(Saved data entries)
========================
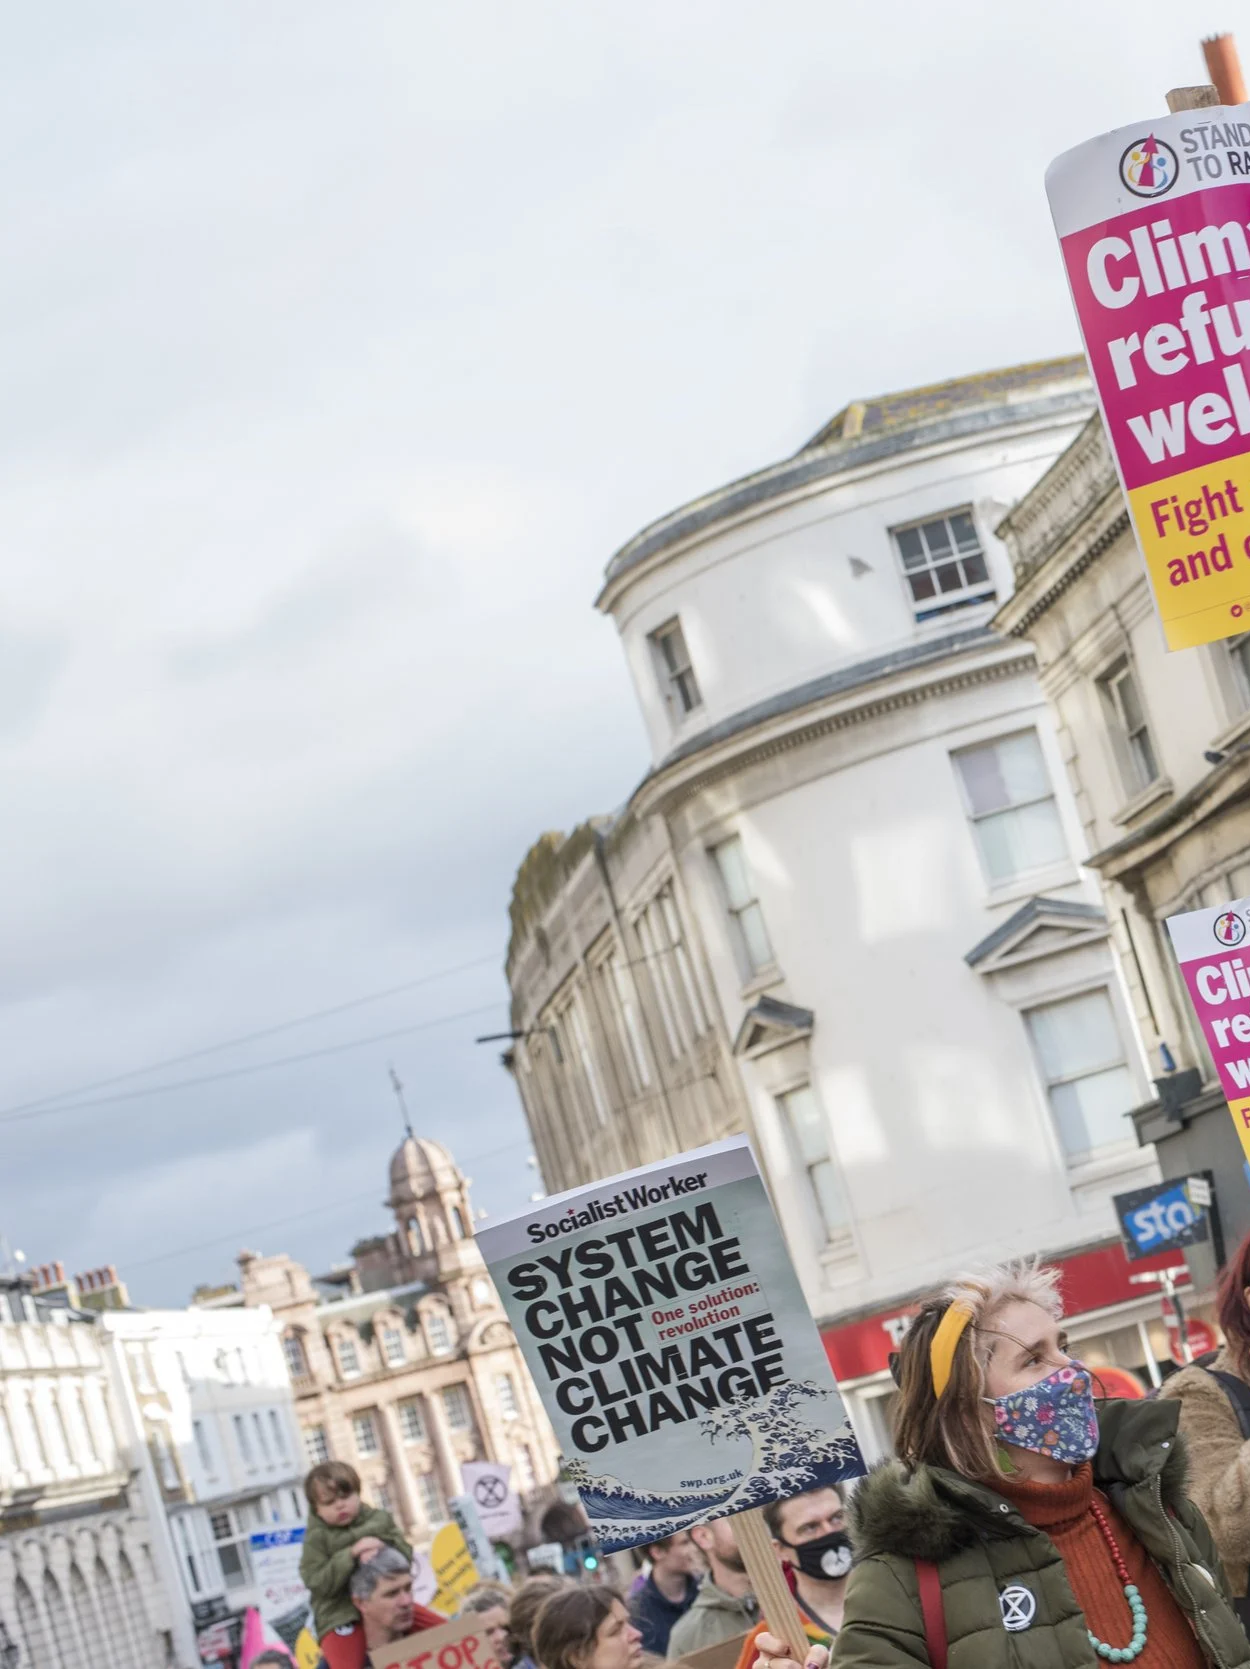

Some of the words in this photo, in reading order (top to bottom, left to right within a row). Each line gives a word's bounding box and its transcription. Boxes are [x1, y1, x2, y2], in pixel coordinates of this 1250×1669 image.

[1187, 154, 1223, 182] TO
[1150, 479, 1244, 538] Fight
[1167, 533, 1234, 587] and
[507, 1202, 724, 1302] SYSTEM
[524, 1237, 751, 1340] CHANGE
[651, 1306, 685, 1327] One
[688, 1282, 760, 1317] solution:
[537, 1313, 646, 1381] NOT
[658, 1304, 741, 1342] revolution
[555, 1312, 785, 1416] CLIMATE
[570, 1353, 786, 1453] CHANGE
[680, 1468, 744, 1490] swp.org.uk
========================
_PROBLEM STATEMENT_
Restate the data word for word while omitting each picture.

_SOLUTION TO THE EXERCISE_
Some of the words in this photo, in reading order (top to bottom, left to right within a row). Each line gives a word's bounding box and its transcription. Boxes are [x1, y1, x2, y2], in pixel coordinates of this 1250×1669 image.

[1187, 154, 1223, 182] TO
[1150, 479, 1244, 538] Fight
[1167, 533, 1234, 587] and
[507, 1202, 724, 1302] SYSTEM
[524, 1237, 751, 1340] CHANGE
[651, 1306, 685, 1327] One
[688, 1282, 760, 1317] solution:
[537, 1313, 646, 1381] NOT
[658, 1304, 741, 1342] revolution
[555, 1312, 785, 1416] CLIMATE
[570, 1353, 786, 1453] CHANGE
[680, 1468, 744, 1490] swp.org.uk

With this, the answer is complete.